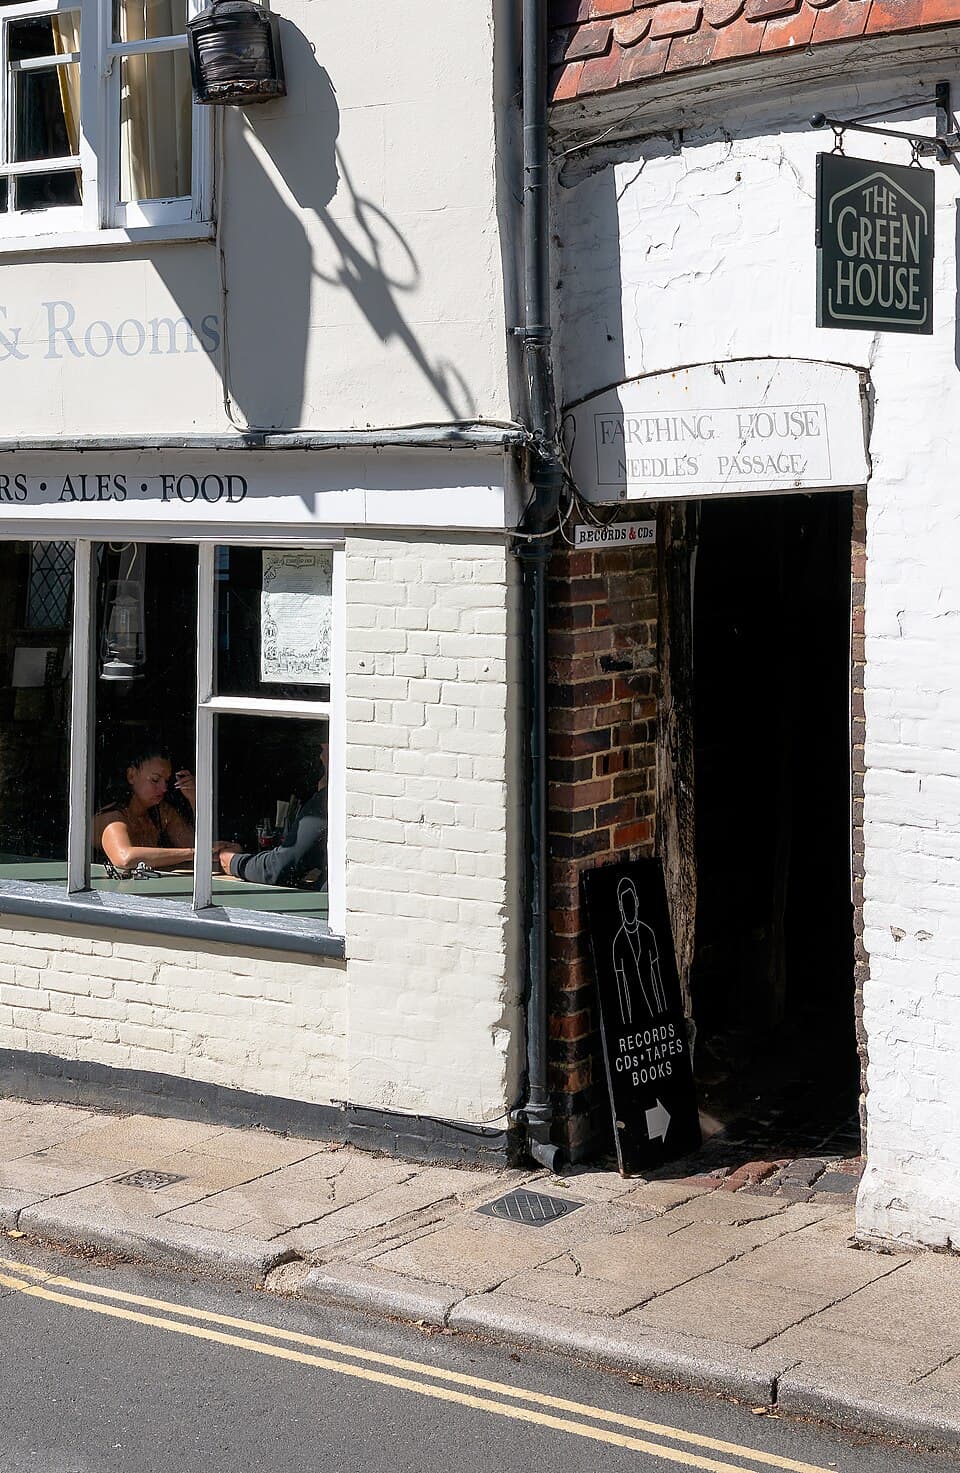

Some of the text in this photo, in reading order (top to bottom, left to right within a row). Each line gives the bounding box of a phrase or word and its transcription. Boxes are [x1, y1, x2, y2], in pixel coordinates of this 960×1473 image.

[862, 185, 897, 216] THE
[837, 206, 920, 264] GREEN
[836, 260, 920, 311] HOUSE
[41, 300, 221, 360] Rooms
[600, 410, 821, 445] FARTHING HOUSE
[717, 454, 802, 475] PASSAGE
[57, 473, 127, 502] ALES
[160, 473, 248, 504] FOOD
[580, 527, 653, 543] RECORDS & CDs
[619, 1023, 675, 1054] RECORDS
[632, 1061, 673, 1086] BOOKS
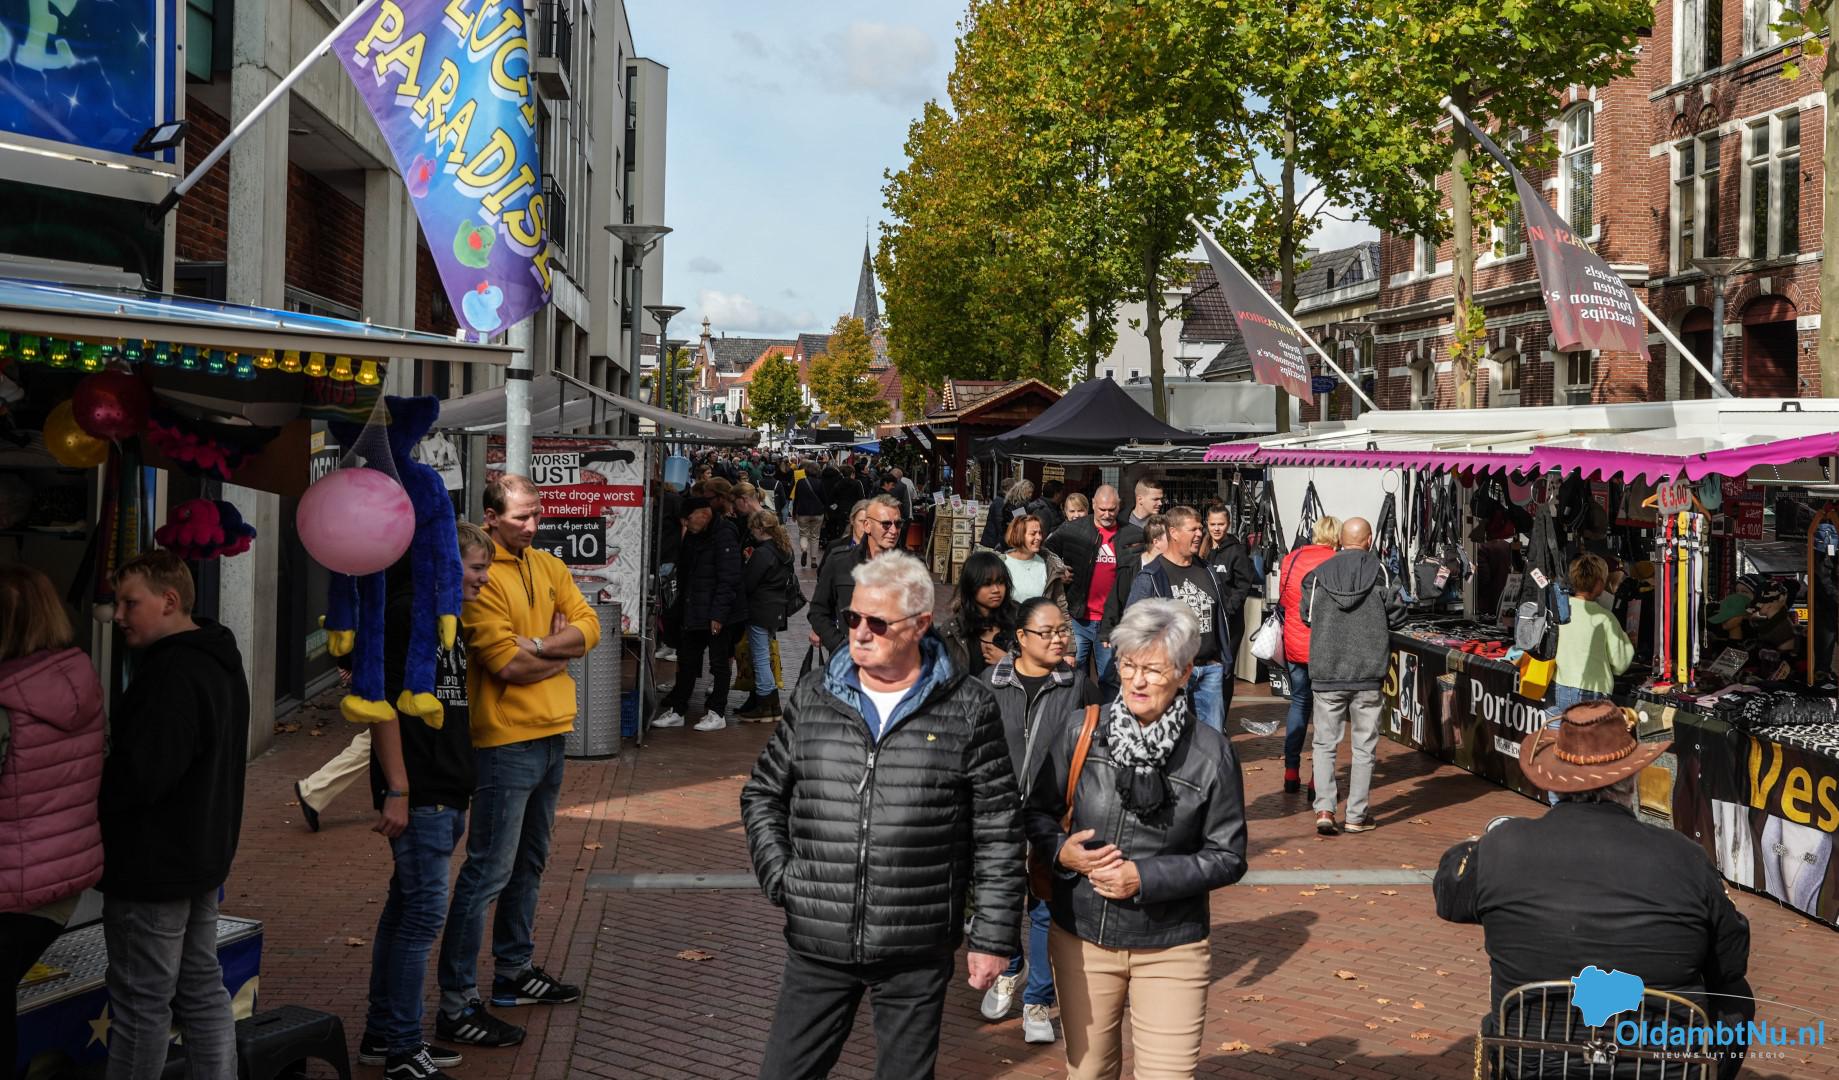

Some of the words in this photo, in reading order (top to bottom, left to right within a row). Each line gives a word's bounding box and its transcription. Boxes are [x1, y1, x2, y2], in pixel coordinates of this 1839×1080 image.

****

**Aim of the exercise:**
Going through the records above line by line, transcribe each one exactly and skip any pictures.

**Result of the task:**
Some of the text in this photo, in reading order (top to bottom, left to right within a row). Each line gives the bounding box of a phrase or word and its transcription. Boxes are [x1, y1, x2, y2], in pixel coordinates of this 960×1473 image.

[862, 185, 897, 216] THE
[837, 206, 920, 264] GREEN
[836, 260, 920, 311] HOUSE
[41, 300, 221, 360] Rooms
[600, 410, 821, 445] FARTHING HOUSE
[717, 454, 802, 475] PASSAGE
[57, 473, 127, 502] ALES
[160, 473, 248, 504] FOOD
[580, 527, 653, 543] RECORDS & CDs
[619, 1023, 675, 1054] RECORDS
[632, 1061, 673, 1086] BOOKS

Some of the words in this photo, in reading order (top to bottom, left to right within a row). Each line gives a word's bounding box and its transcription. Boxes are [x1, y1, x2, y2], in pixel coordinates of this 1839×1080 image.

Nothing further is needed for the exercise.